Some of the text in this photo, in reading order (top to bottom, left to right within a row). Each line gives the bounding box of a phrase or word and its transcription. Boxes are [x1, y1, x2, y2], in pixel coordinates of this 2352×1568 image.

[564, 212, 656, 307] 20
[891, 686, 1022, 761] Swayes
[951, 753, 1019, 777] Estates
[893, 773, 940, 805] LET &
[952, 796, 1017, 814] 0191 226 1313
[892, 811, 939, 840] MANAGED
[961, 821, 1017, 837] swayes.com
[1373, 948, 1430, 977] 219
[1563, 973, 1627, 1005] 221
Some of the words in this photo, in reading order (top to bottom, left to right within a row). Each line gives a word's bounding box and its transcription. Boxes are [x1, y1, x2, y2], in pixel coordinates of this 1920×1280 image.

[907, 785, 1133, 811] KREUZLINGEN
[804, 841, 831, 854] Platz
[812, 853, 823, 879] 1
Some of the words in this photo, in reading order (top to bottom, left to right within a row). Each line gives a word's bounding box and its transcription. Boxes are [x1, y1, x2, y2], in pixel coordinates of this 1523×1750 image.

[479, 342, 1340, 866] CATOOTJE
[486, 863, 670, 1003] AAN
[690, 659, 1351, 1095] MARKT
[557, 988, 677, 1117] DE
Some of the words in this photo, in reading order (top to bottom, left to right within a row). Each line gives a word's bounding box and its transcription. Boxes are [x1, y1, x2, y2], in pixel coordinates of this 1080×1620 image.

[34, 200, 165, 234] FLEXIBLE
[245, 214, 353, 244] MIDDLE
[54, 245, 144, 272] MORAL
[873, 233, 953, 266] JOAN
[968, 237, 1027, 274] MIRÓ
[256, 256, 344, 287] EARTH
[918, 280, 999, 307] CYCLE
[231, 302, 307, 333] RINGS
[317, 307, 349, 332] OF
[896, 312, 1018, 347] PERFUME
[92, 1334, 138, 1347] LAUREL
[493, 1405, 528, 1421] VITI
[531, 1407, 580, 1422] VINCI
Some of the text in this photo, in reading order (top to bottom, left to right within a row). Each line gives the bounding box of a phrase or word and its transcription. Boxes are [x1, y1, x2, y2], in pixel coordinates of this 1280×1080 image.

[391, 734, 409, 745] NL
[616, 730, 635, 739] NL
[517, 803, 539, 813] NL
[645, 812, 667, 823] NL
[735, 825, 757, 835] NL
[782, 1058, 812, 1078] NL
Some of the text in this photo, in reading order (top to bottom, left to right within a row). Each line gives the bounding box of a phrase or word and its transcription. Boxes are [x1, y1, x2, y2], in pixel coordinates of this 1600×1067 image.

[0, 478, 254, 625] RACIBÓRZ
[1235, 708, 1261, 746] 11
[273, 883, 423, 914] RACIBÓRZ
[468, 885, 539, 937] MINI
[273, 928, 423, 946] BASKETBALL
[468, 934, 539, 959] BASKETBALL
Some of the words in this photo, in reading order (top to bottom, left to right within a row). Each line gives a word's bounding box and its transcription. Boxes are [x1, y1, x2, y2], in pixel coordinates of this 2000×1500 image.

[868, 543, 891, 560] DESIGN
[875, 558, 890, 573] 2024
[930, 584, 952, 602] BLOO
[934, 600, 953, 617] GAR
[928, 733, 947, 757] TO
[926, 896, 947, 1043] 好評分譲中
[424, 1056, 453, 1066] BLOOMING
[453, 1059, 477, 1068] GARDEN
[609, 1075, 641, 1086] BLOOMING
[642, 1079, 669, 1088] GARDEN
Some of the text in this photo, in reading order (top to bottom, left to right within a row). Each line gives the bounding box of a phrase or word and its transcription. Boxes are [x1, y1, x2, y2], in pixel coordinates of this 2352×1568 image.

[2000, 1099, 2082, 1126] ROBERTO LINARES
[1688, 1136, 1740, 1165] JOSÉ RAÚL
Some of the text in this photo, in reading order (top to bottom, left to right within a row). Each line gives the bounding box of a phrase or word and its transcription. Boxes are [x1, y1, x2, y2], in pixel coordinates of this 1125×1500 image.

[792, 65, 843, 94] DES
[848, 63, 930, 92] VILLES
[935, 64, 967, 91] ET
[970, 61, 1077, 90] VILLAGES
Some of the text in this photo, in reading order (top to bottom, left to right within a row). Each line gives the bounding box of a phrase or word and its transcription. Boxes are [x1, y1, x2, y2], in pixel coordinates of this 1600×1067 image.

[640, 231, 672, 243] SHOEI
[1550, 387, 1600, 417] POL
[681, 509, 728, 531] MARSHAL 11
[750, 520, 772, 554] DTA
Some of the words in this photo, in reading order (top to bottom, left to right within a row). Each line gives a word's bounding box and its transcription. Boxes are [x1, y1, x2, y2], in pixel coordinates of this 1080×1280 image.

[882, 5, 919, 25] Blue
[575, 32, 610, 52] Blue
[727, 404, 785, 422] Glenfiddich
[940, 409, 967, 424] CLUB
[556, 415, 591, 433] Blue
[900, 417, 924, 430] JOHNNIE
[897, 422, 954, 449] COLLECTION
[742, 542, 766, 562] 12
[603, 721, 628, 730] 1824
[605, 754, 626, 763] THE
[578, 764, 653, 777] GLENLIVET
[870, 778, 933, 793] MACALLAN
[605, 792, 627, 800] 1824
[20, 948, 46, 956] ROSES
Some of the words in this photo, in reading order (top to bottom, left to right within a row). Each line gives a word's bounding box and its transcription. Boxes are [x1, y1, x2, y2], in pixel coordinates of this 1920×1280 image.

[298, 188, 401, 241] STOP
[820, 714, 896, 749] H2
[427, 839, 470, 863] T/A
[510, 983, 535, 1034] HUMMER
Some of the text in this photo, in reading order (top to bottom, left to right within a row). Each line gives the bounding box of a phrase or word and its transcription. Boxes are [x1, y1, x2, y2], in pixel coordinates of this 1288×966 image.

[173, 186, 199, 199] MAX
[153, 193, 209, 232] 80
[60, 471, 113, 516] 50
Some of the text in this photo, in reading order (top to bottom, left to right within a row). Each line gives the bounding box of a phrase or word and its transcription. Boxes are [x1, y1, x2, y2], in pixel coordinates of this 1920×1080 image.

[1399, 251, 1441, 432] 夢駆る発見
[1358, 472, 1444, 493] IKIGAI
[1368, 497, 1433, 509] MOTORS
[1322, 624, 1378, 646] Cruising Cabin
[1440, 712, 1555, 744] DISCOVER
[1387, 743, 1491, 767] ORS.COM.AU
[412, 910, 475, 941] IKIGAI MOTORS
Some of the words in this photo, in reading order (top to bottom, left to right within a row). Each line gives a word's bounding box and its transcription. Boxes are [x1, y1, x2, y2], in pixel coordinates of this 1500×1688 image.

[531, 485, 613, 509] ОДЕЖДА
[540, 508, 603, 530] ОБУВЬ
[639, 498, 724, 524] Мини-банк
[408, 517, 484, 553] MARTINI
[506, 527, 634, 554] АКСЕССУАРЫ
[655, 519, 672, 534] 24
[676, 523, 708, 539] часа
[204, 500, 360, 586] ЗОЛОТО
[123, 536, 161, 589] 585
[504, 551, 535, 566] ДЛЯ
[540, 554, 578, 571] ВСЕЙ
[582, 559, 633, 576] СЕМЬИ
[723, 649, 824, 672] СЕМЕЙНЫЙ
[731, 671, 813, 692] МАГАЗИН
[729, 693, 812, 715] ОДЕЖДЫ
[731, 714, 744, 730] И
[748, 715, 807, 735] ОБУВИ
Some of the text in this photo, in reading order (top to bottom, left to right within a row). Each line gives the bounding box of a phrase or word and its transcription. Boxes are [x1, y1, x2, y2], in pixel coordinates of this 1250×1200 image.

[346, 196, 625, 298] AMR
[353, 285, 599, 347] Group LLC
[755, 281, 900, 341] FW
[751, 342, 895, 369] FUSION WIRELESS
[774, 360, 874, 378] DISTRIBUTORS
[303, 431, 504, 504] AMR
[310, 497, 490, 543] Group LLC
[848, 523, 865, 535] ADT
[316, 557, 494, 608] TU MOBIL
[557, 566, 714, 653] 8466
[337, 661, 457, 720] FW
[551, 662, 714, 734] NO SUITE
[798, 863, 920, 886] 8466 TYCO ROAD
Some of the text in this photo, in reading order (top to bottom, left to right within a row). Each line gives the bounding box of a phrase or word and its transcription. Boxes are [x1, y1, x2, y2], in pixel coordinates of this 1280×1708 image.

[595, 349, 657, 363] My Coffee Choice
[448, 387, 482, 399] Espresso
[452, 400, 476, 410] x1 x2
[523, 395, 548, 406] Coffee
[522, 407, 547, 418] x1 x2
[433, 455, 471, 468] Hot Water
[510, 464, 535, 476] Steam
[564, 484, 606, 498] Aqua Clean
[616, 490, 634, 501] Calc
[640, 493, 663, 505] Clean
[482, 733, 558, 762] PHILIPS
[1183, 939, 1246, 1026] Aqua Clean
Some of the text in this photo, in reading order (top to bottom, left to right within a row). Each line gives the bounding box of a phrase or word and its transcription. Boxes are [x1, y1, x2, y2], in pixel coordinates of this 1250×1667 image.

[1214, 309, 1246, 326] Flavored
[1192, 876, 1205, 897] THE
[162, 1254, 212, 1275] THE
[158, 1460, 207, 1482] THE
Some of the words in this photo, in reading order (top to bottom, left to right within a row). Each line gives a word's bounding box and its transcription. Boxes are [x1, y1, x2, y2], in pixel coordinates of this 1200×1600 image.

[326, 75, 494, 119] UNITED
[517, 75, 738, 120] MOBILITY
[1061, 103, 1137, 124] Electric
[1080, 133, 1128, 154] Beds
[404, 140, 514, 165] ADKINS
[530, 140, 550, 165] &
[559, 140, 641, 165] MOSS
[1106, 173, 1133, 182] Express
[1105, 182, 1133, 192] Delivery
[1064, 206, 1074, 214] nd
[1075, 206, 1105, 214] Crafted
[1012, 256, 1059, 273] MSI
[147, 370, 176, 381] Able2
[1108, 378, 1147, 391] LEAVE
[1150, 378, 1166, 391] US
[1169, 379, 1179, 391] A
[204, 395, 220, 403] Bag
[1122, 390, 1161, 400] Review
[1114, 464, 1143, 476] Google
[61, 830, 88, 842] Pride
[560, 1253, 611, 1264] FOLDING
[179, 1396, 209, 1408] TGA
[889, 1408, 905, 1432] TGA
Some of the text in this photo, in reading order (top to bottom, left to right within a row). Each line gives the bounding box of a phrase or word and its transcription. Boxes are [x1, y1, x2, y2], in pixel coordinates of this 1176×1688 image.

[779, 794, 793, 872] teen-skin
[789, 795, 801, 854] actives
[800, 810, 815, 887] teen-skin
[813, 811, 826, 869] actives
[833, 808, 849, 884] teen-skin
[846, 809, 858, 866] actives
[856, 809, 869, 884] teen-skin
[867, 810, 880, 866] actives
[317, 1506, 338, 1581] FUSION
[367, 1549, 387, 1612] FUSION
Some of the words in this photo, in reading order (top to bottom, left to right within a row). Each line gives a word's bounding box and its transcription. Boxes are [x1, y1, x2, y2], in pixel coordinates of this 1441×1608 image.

════════════════════

Work instruction:
At the line with "this 1176×1688 image.", start returning lines exactly, and stop after the final line of the listing.

Solved exercise:
Some of the text in this photo, in reading order (top to bottom, left to right within a row). Each line gives the bounding box of a phrase or word and its transcription. Boxes are [x1, y1, x2, y2], in pixel coordinates of this 1176×1688 image.

[779, 794, 793, 872] teen-skin
[789, 795, 801, 854] actives
[800, 810, 815, 887] teen-skin
[813, 811, 826, 869] actives
[833, 808, 849, 884] teen-skin
[846, 809, 858, 866] actives
[856, 809, 869, 884] teen-skin
[867, 810, 880, 866] actives
[317, 1506, 338, 1581] FUSION
[367, 1549, 387, 1612] FUSION
Some of the words in this photo, in reading order (top to bottom, left to right within a row). Each line gives a word's bounding box and its transcription. Boxes are [x1, y1, x2, y2], in pixel coordinates of this 1441×1608 image.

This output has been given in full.